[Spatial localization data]

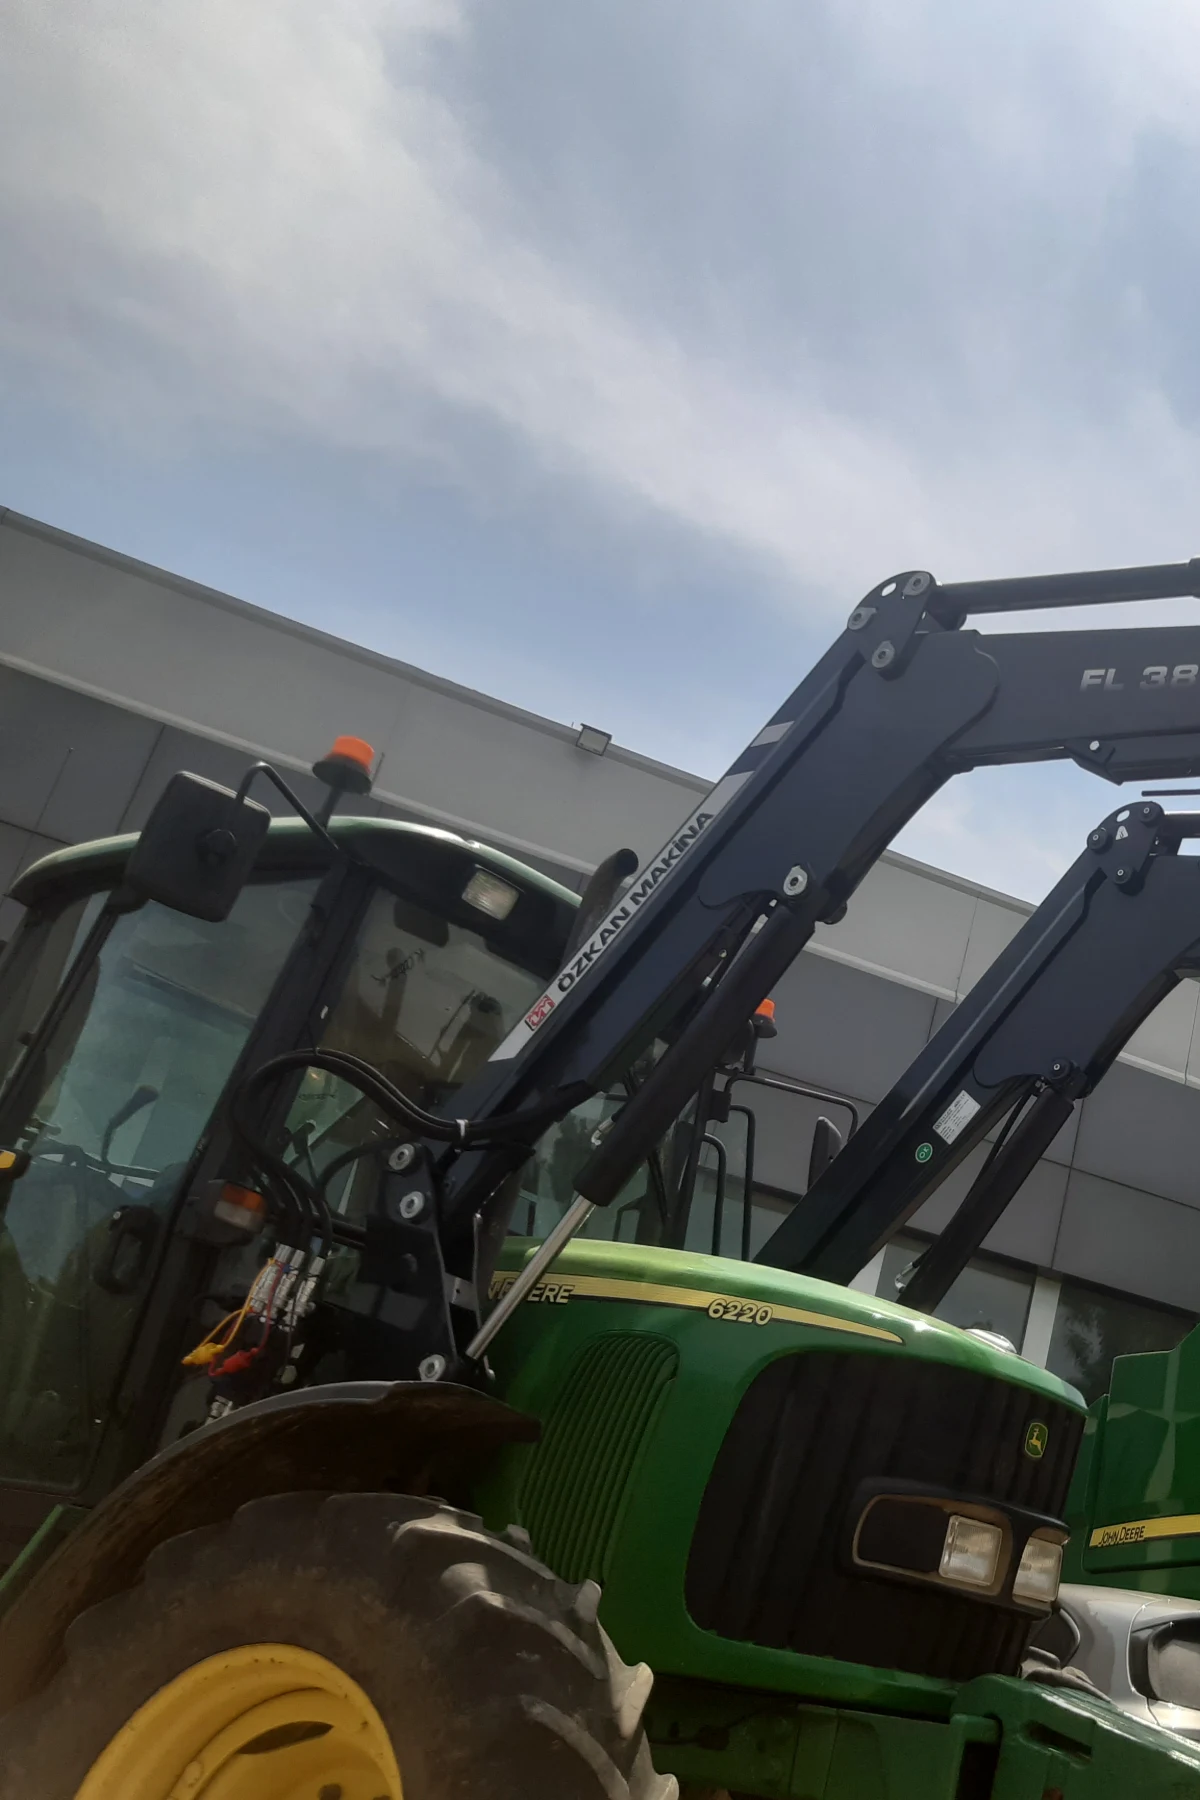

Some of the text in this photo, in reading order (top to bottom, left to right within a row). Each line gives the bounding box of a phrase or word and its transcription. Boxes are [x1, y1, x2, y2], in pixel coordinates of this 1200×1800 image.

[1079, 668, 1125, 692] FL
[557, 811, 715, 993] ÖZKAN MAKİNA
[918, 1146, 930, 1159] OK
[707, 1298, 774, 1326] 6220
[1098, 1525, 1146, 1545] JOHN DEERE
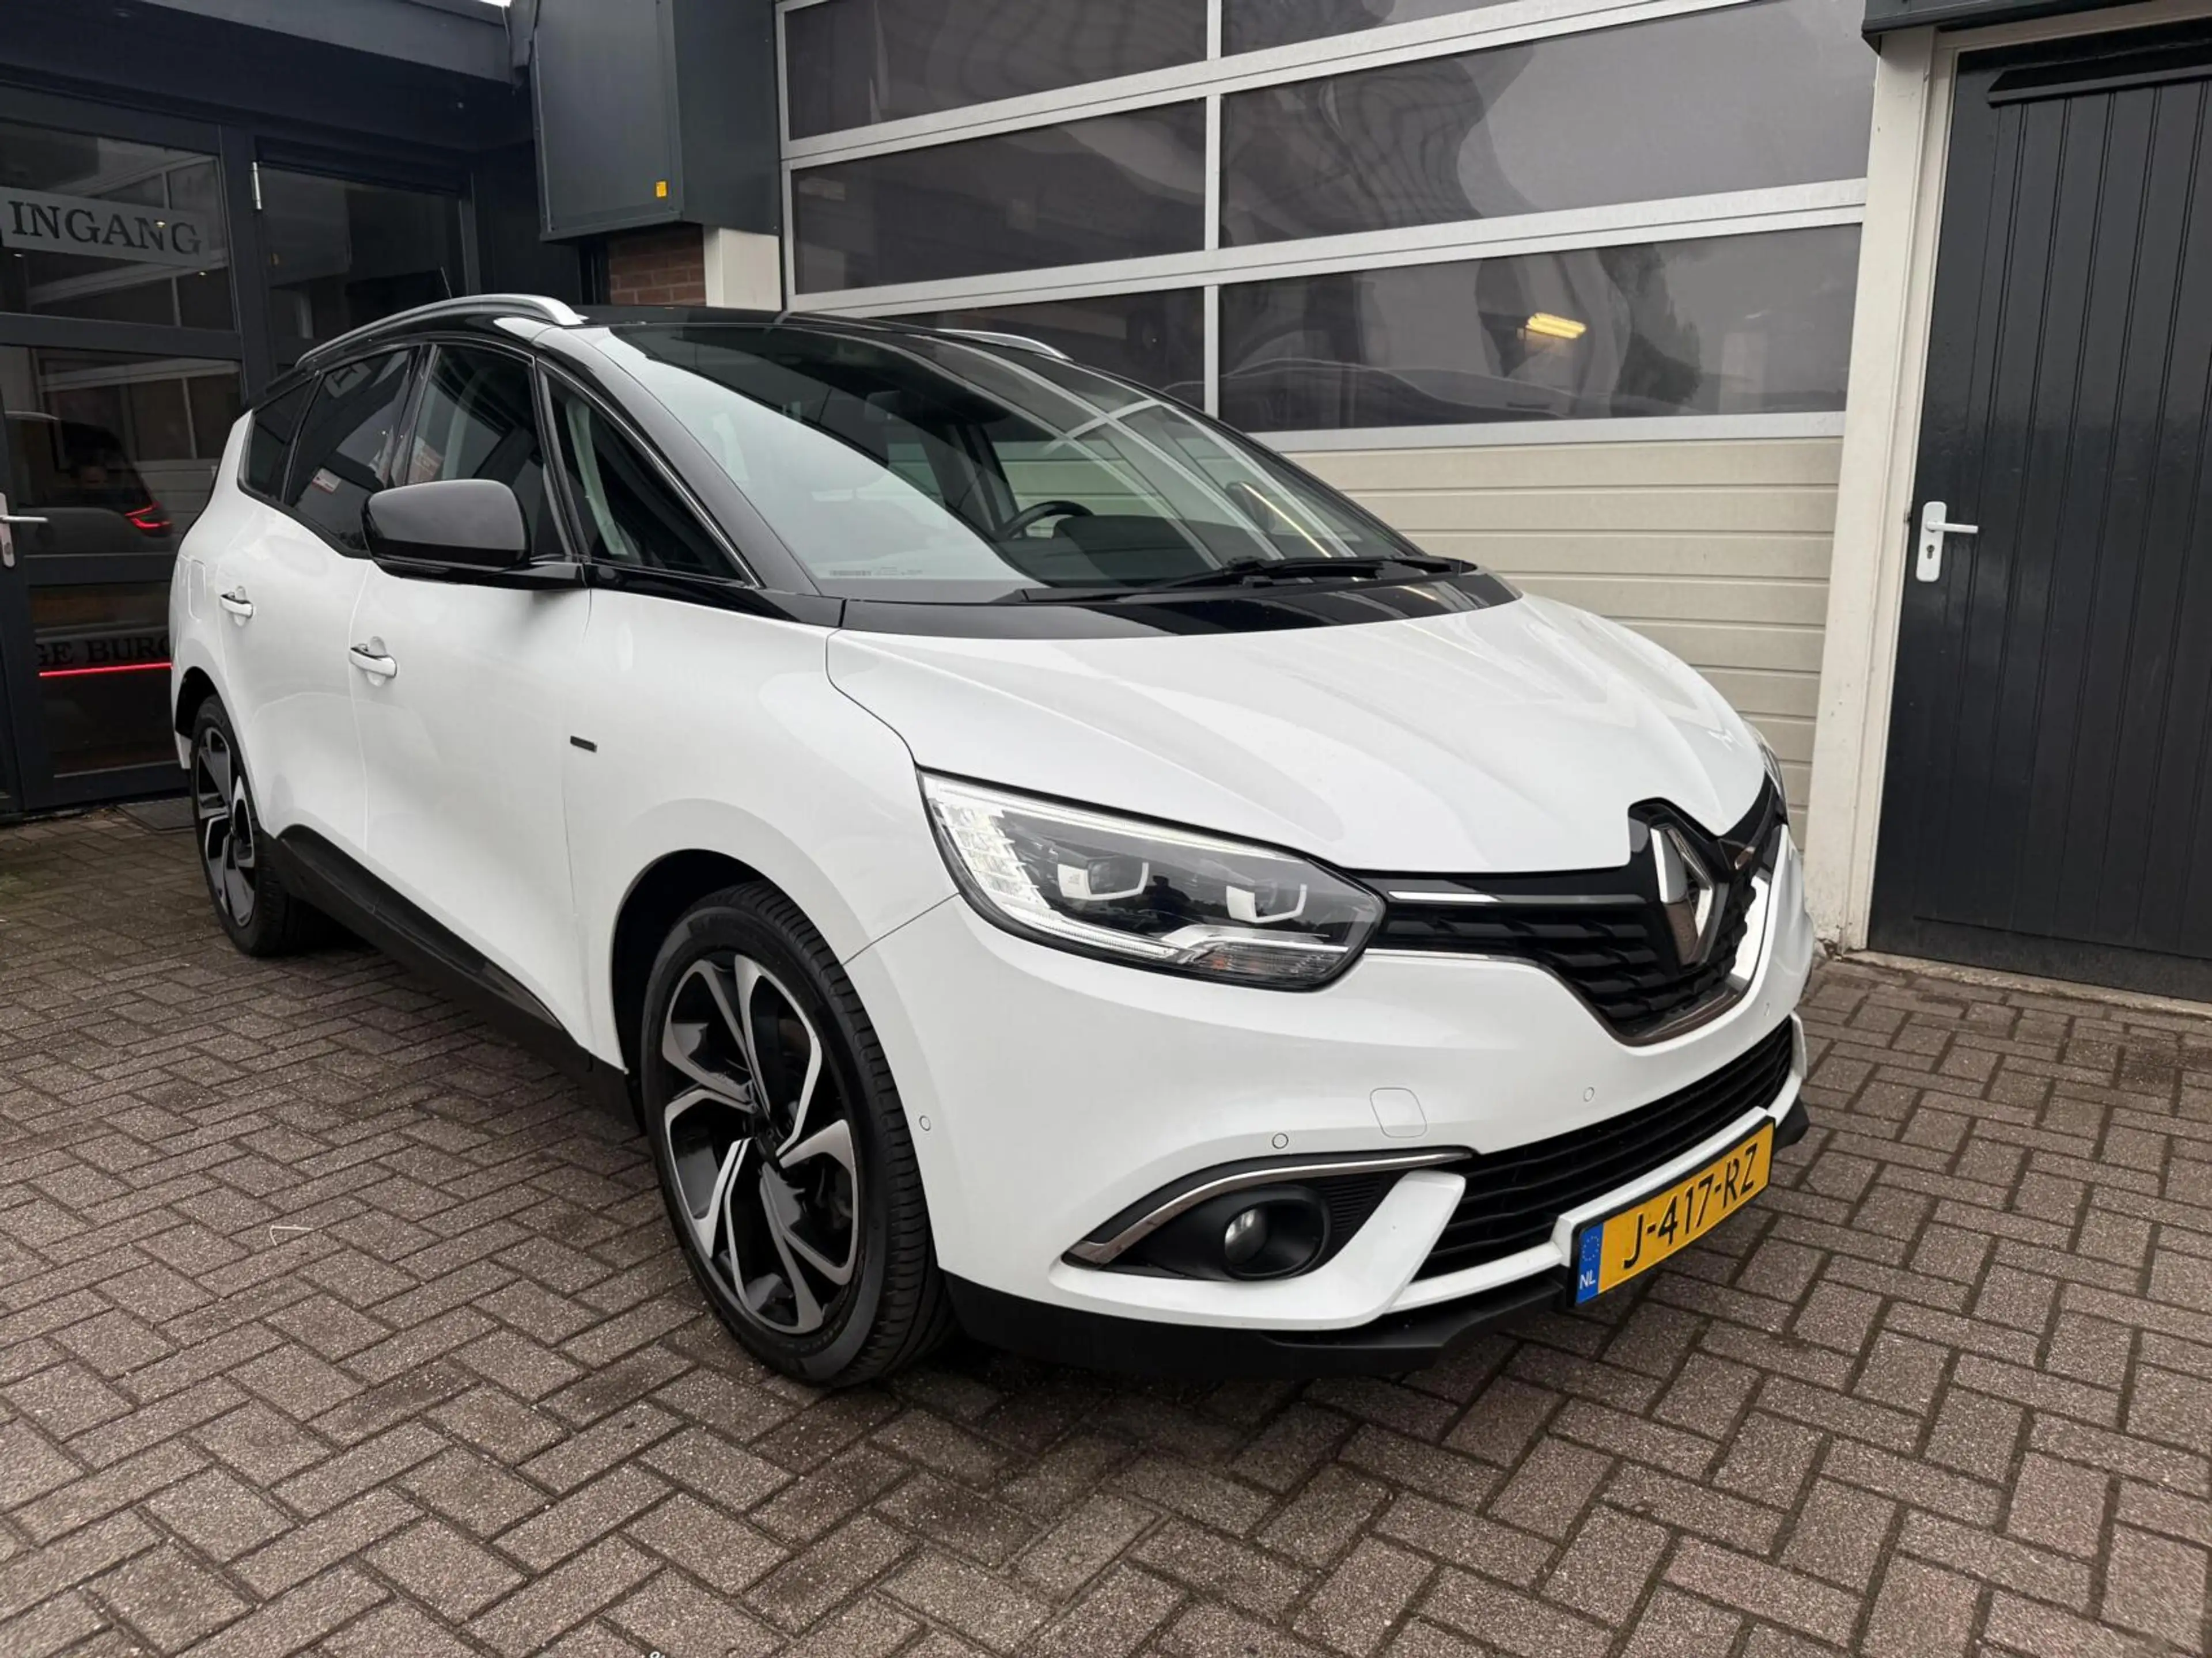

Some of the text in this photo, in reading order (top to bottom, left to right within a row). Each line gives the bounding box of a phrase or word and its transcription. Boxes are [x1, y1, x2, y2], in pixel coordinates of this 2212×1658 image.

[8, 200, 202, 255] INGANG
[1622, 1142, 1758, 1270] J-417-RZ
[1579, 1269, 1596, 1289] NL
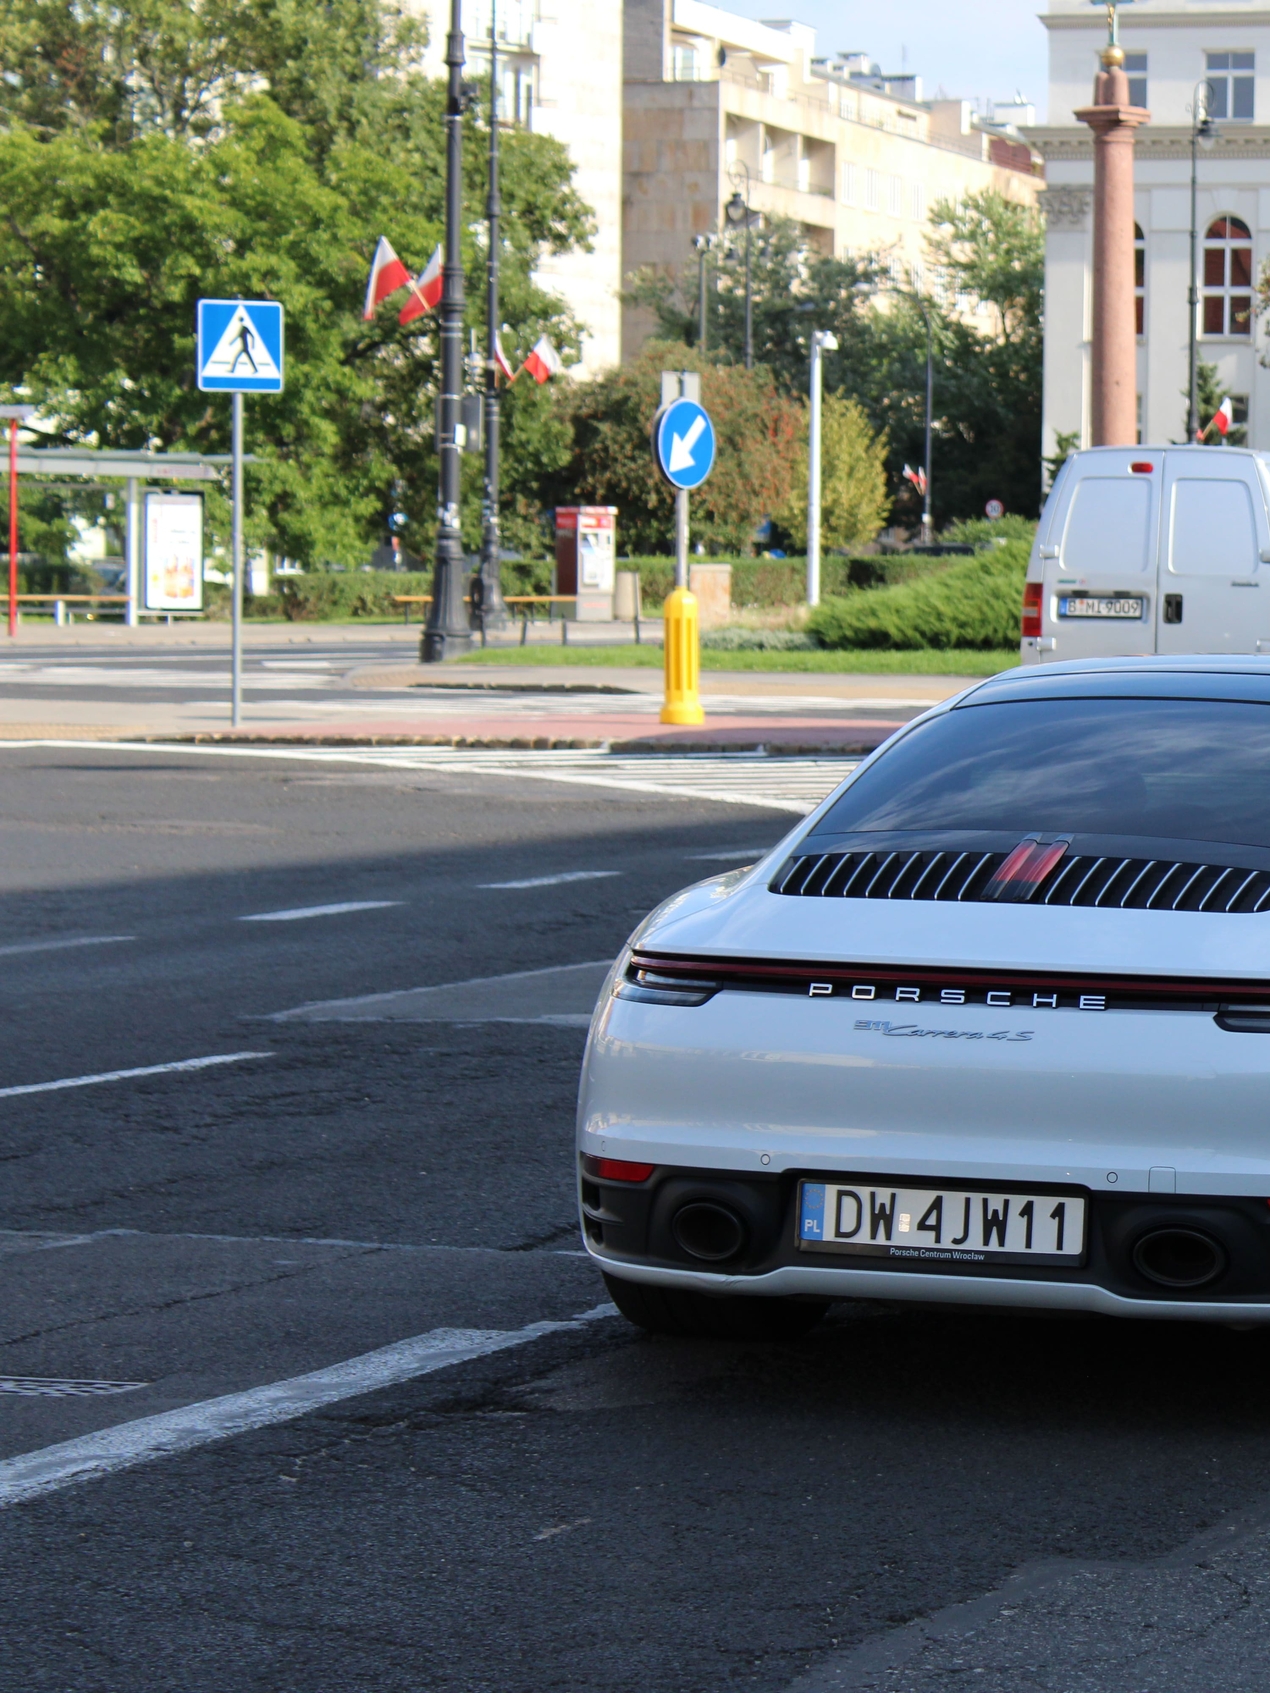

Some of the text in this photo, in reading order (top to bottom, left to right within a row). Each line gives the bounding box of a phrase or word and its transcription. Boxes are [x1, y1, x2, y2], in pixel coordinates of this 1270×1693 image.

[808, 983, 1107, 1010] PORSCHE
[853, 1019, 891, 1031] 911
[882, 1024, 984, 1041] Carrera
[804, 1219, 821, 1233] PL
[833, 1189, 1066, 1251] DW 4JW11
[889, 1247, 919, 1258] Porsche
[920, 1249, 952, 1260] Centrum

> **Problem statement**
From the line containing "this 1270×1693 image." down to the final line of the data, write out every line exactly; both the first and last of these belong in your answer, and nothing else does.

> **Reply**
Some of the text in this photo, in reading order (top to bottom, left to right within a row). Each line gives the bounding box of a phrase or word and its transcription. Boxes are [x1, y1, x2, y2], in pixel coordinates of this 1270×1693 image.

[808, 983, 1107, 1010] PORSCHE
[853, 1019, 891, 1031] 911
[882, 1024, 984, 1041] Carrera
[804, 1219, 821, 1233] PL
[833, 1189, 1066, 1251] DW 4JW11
[889, 1247, 919, 1258] Porsche
[920, 1249, 952, 1260] Centrum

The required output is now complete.